AN "IMPROMPTU" REALIZATION

When I was chatting with close friends just recently, THAT special event came up. Well, it was indeed the indirect topic anyway. As the conversation progressed, I happened to disclose this out of nowhere:

“I have proven to myself that travelling is not for me (I’m just a homebody). But who knows? It’s just that there are many more priorities in my life right now. I feel that I would be ‘selfish’ and ‘unfair’ to my family if I go to Brazil, South America, even without them knowing. There are many things they want in life that I still can’t provide yet.” – Perhaps a dominating reason why some things are “forbidden” to me as of this moment (or permanently).

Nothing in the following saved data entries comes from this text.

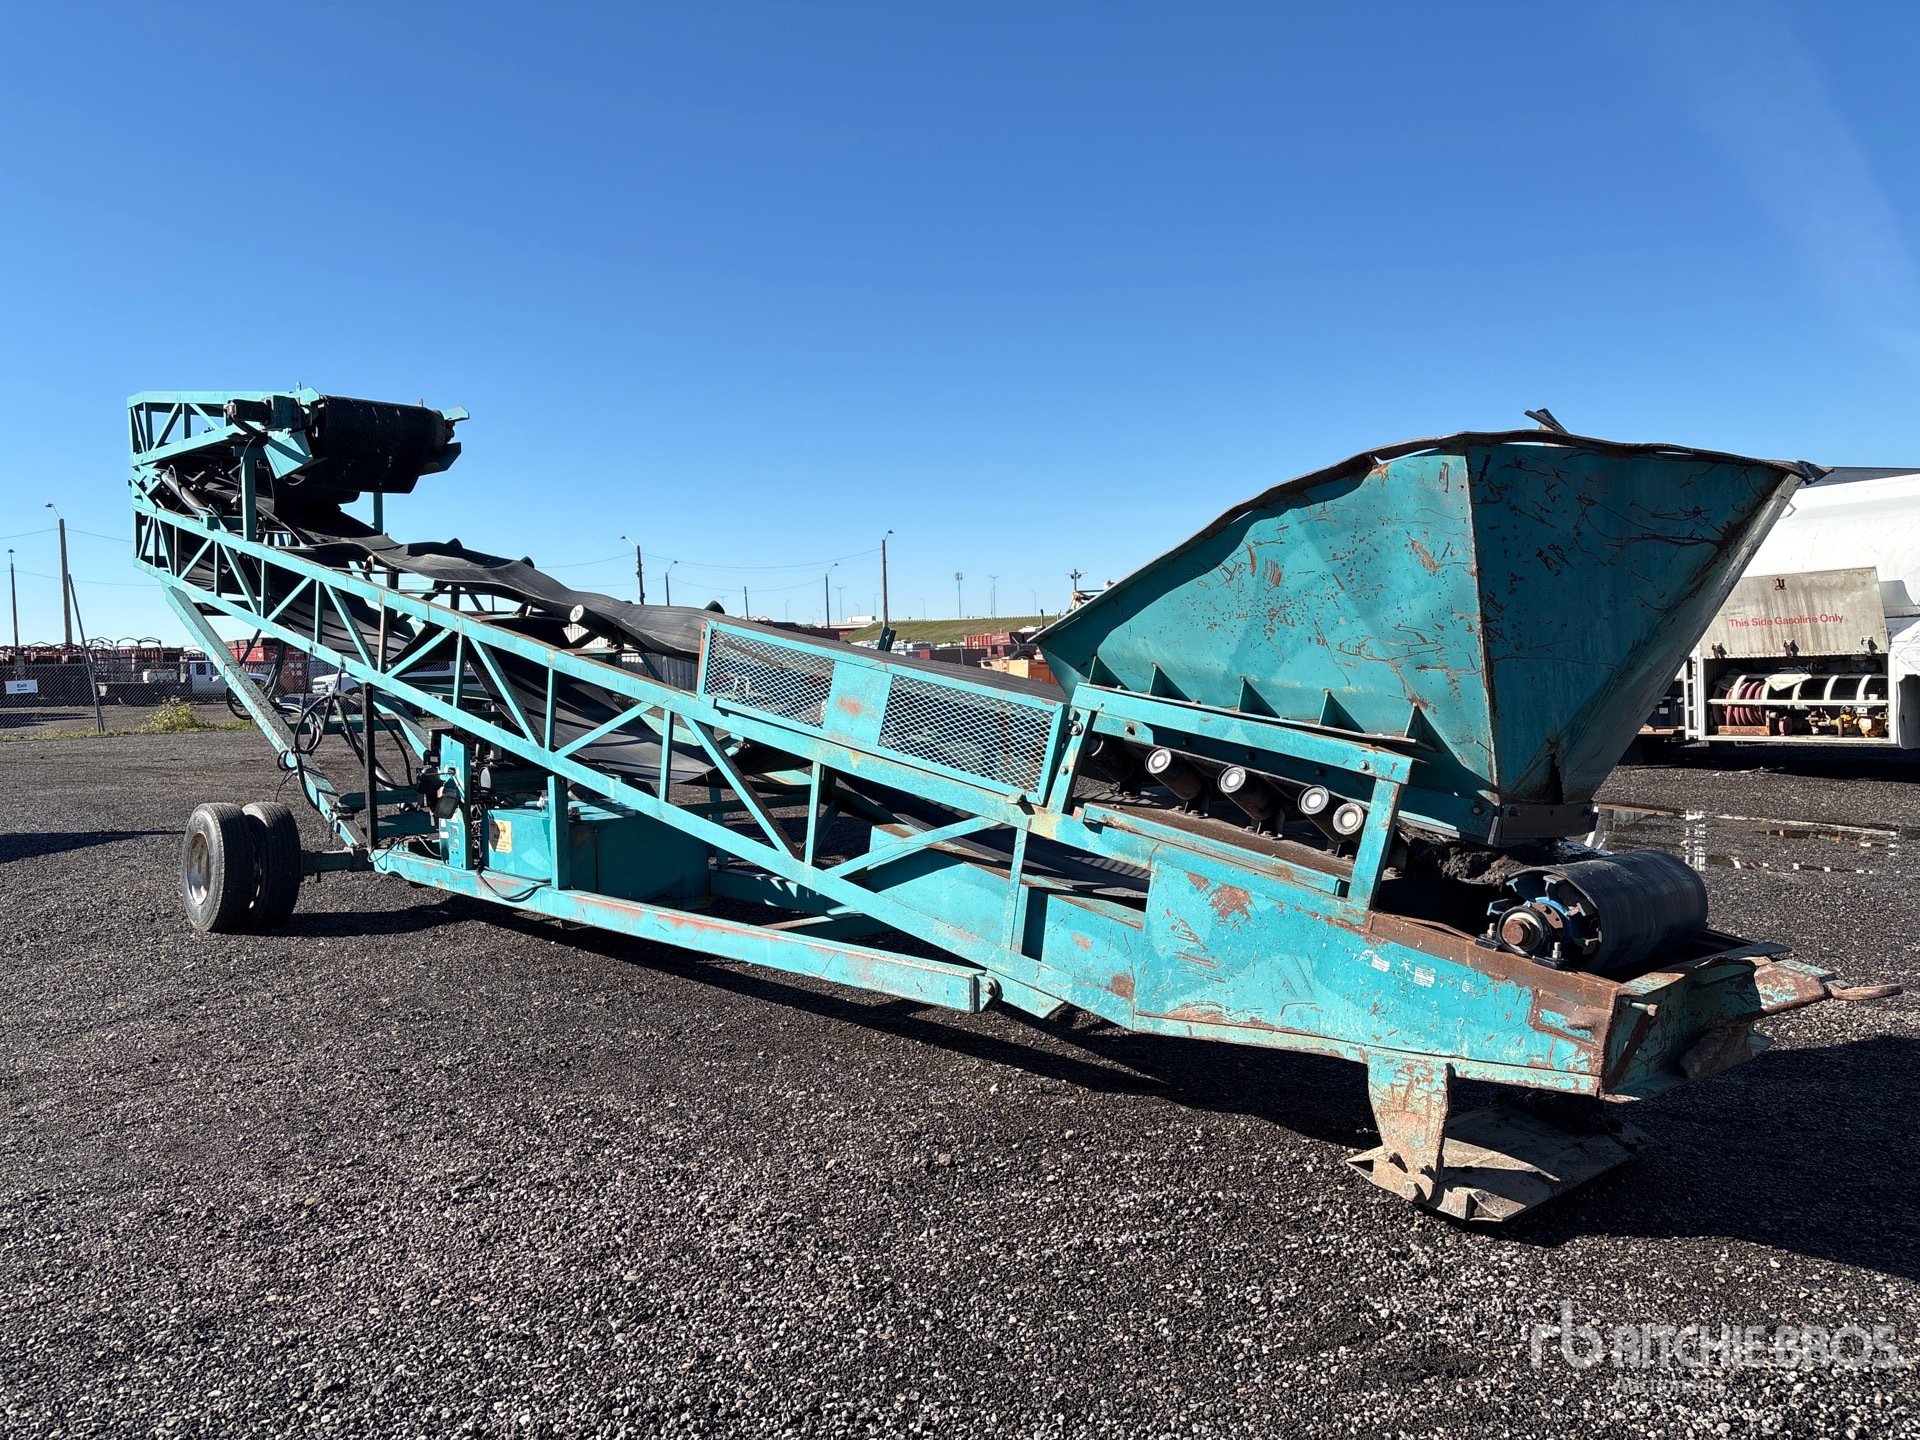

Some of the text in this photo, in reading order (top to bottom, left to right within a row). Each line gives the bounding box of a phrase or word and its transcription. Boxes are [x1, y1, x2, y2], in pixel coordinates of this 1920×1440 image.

[1729, 613, 1843, 627] This Side Gasoline Only
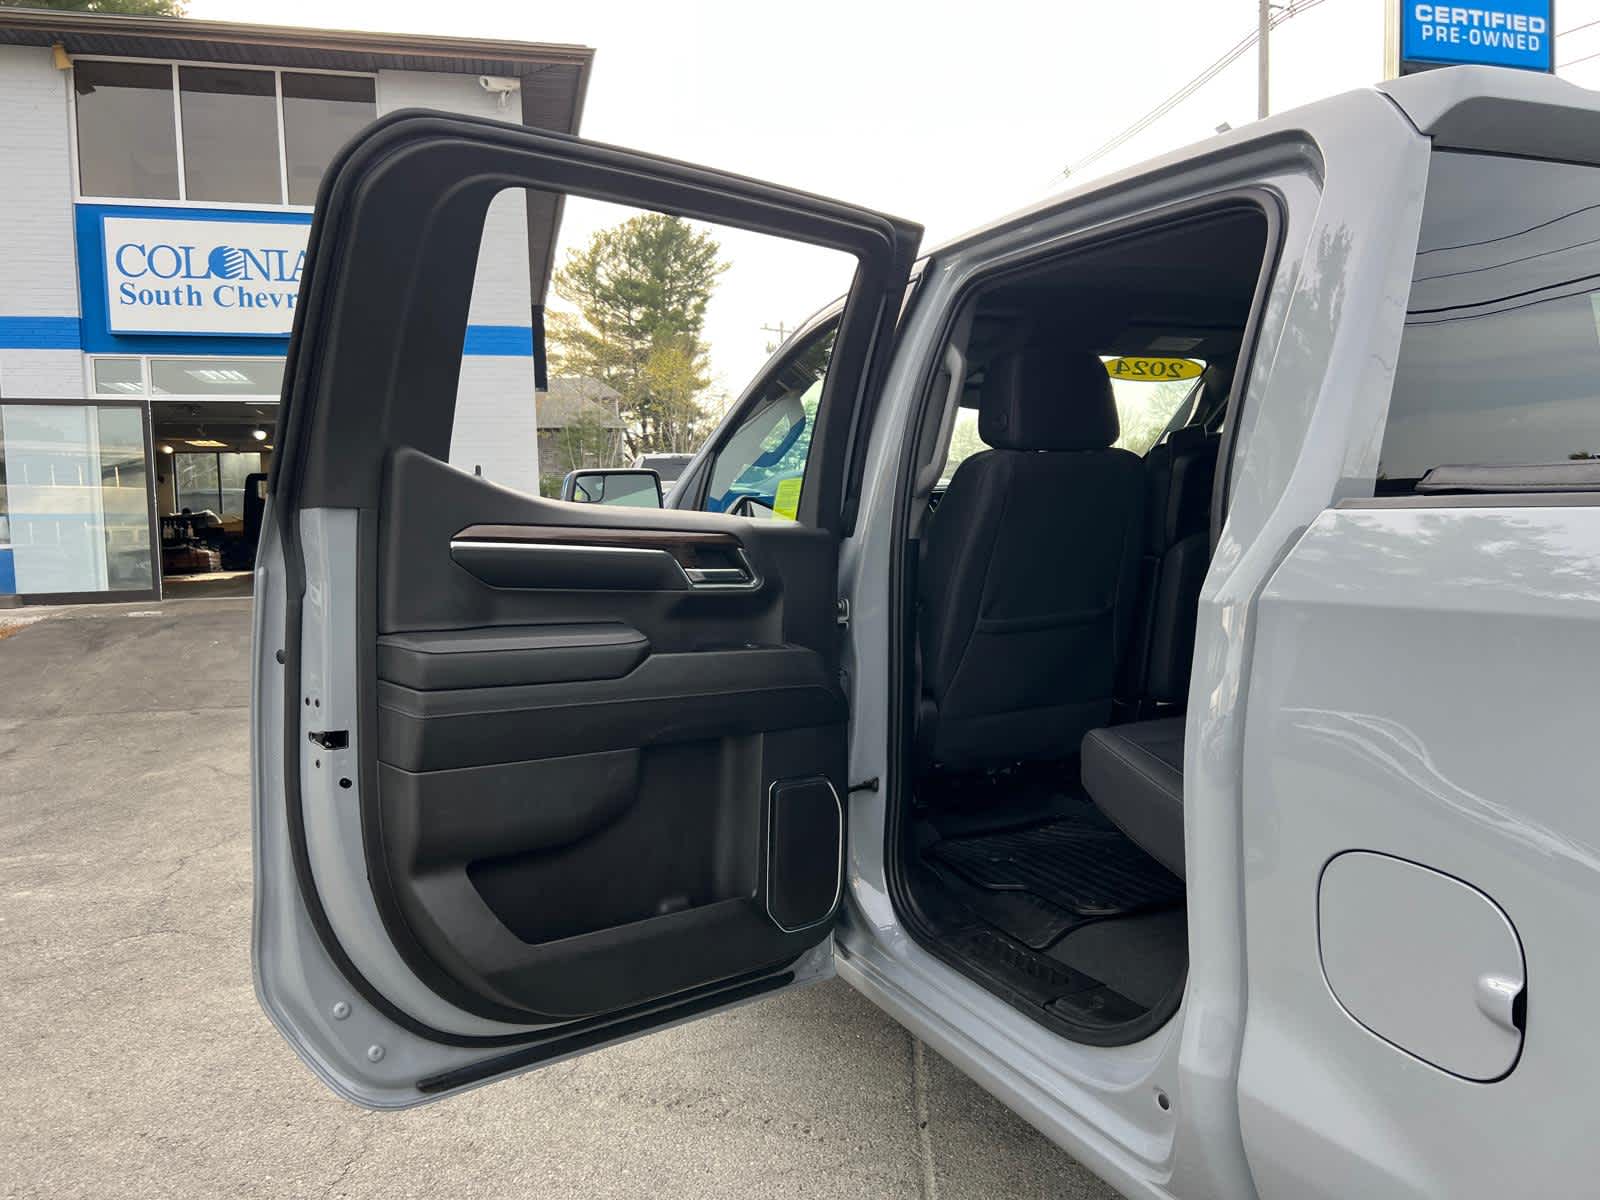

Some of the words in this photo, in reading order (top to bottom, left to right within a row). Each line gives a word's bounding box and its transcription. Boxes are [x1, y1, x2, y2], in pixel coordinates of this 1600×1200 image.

[1415, 4, 1546, 34] CERTIFIED
[1422, 25, 1540, 51] PRE-OWNED
[119, 283, 202, 308] South

…And what if by some good fortune I’m able to achieve that trip but they eventually found out? Needless to say, the gap would further widen. Yet another reason for my other relatives to hate me all the more. The first objective is to give them “enough” so that my other personal wants would be later acceptable; that I would finally earn the right to spend on myself without feeling guilty. I’m really impressed with those who are able to go there without having the disposable income and despite being breadwinners. The stay isn’t permanent anyway, at least not for the majority. Not for leisure or monetary gain, but more of a spiritual “pilgrimage”; being there for the experience itself. Very, very impressive for me. Faith, Mercy and Grace, Prayers along with early booking, a savings account and/or good contacts where to get loans from are crucial factors. :-D Realistically speaking, there will always be that material aspect of a #lifegoal coming to fruition. J

I’m neither explaining myself to anyone nor justifying my “inability”. I just know the truth and want to express it. Whut?! HAHAHA!!! I’m not envious, either. Well… just a little bit. :-P

Two friends are going. I’m very happy for them. May the Mercy and Guidance of the Lord be with them.

As for me…. I’m grateful for what I have and will have, and I’m happy I feel that way. If it happens, it happens.

Maybe someday.
(But “maybe” remains to be an elusive possibility and “someday” seems so far away…)


*And IF you might think, “The person who wrote this seems to be a total loser.” Well, guess what? You’re an even bigger loser for reading it this far! HAHAHAHA!!!!